91563 – app-arch/bzip2: 1.0.3 fixes DoS (CAN-2005-1260)

Bug 91563 - app-arch/bzip2: 1.0.3 fixes DoS (CAN-2005-1260)

Summary: app-arch/bzip2: 1.0.3 fixes DoS (CAN-2005-1260)

Status:	RESOLVED FIXED

Alias:	None

Product:	Gentoo Security
Classification:	Unclassified
Component:	Vulnerabilities (show other bugs)
Hardware:	All All

Importance:	High normal
Assignee:	Gentoo Security

URL:	http://www.bzip.org/CHANGES
Whiteboard:	A4 [noglsa] jaervosz
Keywords:

Depends on:
Blocks:

Attachments
Add an attachment (proposed patch, testcase, etc.)

Note You need to log in before you can comment on or make changes to this bug.

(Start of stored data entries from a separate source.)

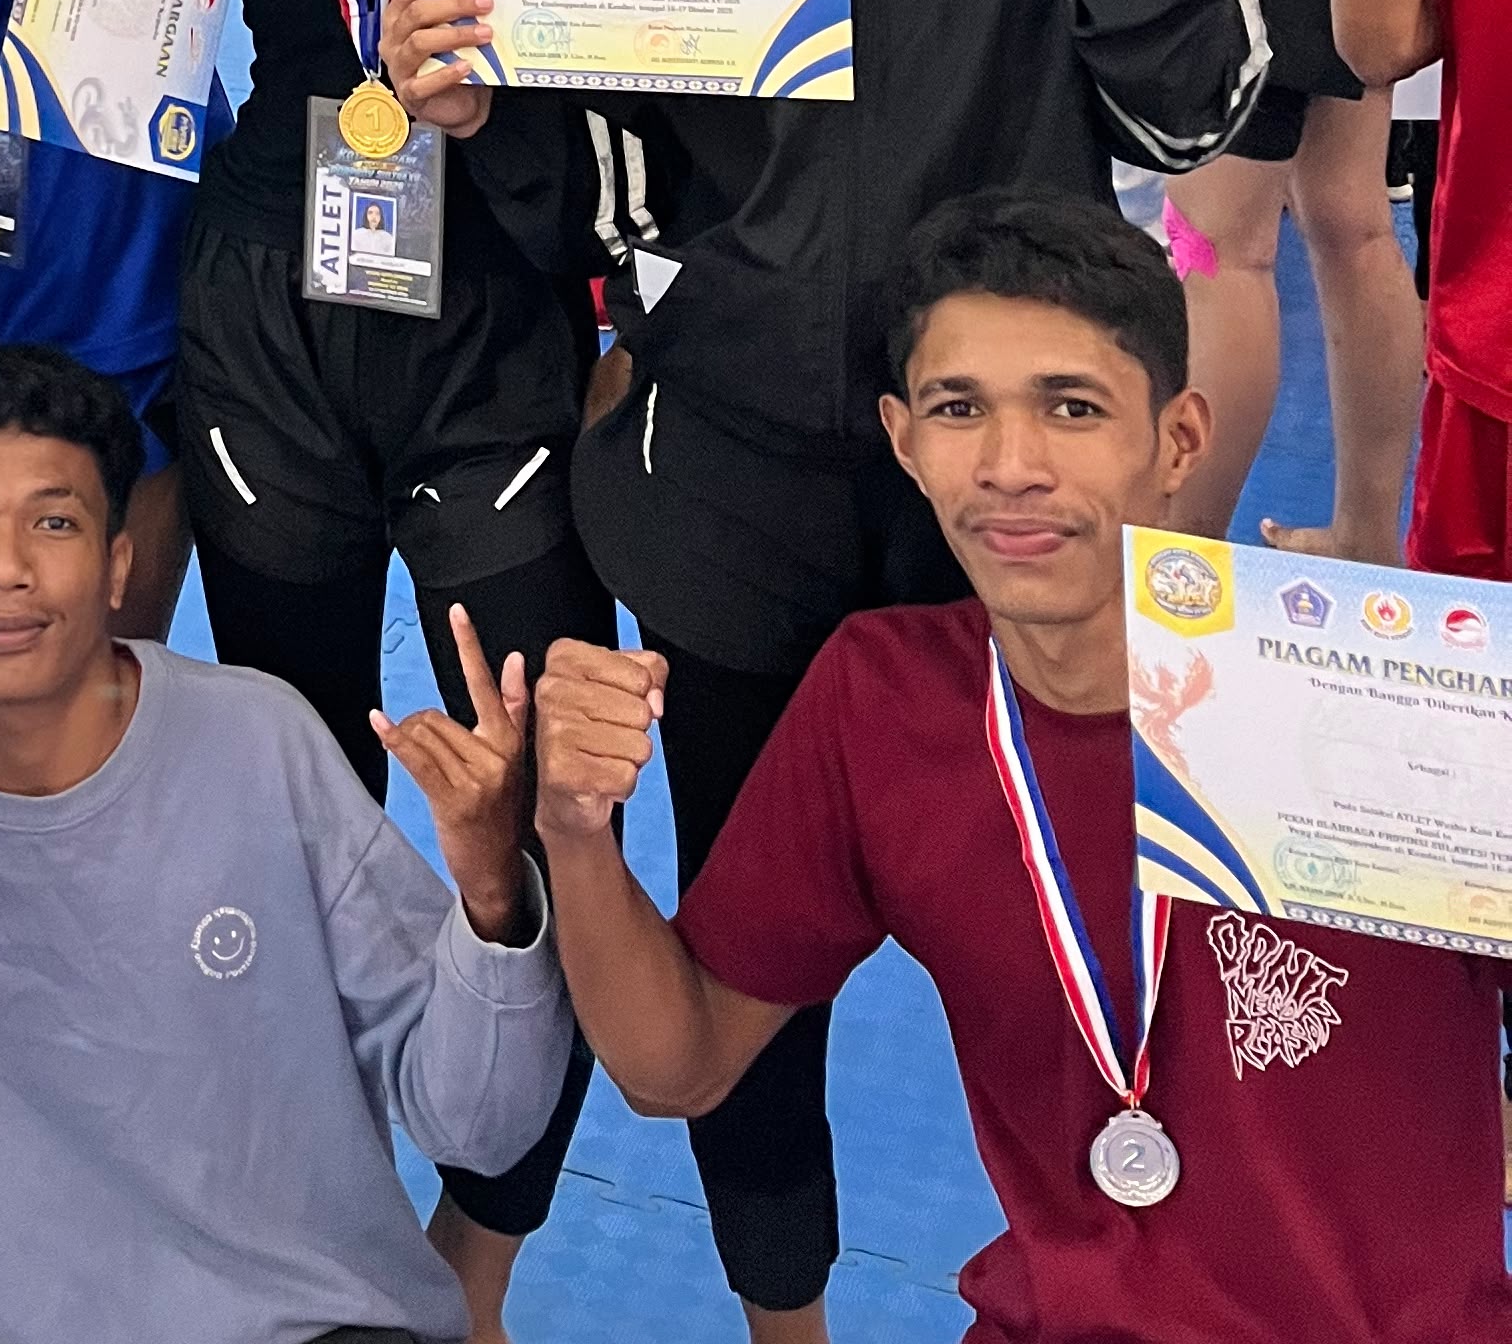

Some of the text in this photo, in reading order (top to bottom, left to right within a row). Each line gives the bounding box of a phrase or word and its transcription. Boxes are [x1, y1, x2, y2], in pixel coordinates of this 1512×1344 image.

[365, 104, 381, 131] 1
[320, 185, 342, 275] ATLET
[1257, 636, 1374, 677] PIAGAM
[1308, 677, 1363, 695] Dengan
[1366, 687, 1420, 707] Bangga
[1423, 697, 1496, 719] Diberikan
[1122, 1138, 1146, 1173] 2

Description Tavis Ormandy (RETIRED) gentoo-dev

2005-05-05 05:43:24 UTC

bzip2-1.0.3 fixes a DoS "zip-of-death"-type attack, where a small bzip2 file will consume all available secondary storage.

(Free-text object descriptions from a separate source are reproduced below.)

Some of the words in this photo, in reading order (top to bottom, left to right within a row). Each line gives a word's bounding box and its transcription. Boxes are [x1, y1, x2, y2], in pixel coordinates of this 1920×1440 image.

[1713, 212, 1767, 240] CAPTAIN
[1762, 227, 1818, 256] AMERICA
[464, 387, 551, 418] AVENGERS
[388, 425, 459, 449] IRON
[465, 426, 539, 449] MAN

Comment 1 Jakub Moc (RETIRED) gentoo-dev

2005-05-05 05:49:02 UTC

1.0.3 is stable in portage. ;-)

Comment 2 SpanKY gentoo-dev

2005-05-05 05:50:18 UTC

yeah, i dont know why you felt the need to cc base-system, i marked 1.0.3 stable a few days ago for all arches

Comment 3 Tavis Ormandy (RETIRED) gentoo-dev

2005-05-05 06:16:17 UTC

sorry for bugspam. we still need a bug to track glsa vote.

Comment 4 Sune Kloppenborg Jeppesen (RETIRED) gentoo-dev

2005-05-05 07:16:40 UTC

Thx for your comments and work everyone. This one is ready for GLSA decision. I tend to vote NO.

Comment 5 Tavis Ormandy (RETIRED) gentoo-dev

2005-05-05 07:23:47 UTC

Agree with Sune, not worth a glsa imho.

Comment 6 Sune Kloppenborg Jeppesen (RETIRED) gentoo-dev

2005-05-05 07:27:02 UTC

Comment 7 Sune Kloppenborg Jeppesen (RETIRED) gentoo-dev

2005-05-05 07:27:02 UTC

1½ votes for NO so far.

Comment 8 SpanKY gentoo-dev

2005-05-10 15:16:08 UTC

yeah, no GLSA says i

Comment 9 Sune Kloppenborg Jeppesen (RETIRED) gentoo-dev

2005-05-10 21:50:29 UTC

Comment 10 Sune Kloppenborg Jeppesen (RETIRED) gentoo-dev

2005-05-10 21:50:29 UTC

2½ NO votes-> Closing without GLSA. Feel free to reopen if you disagree.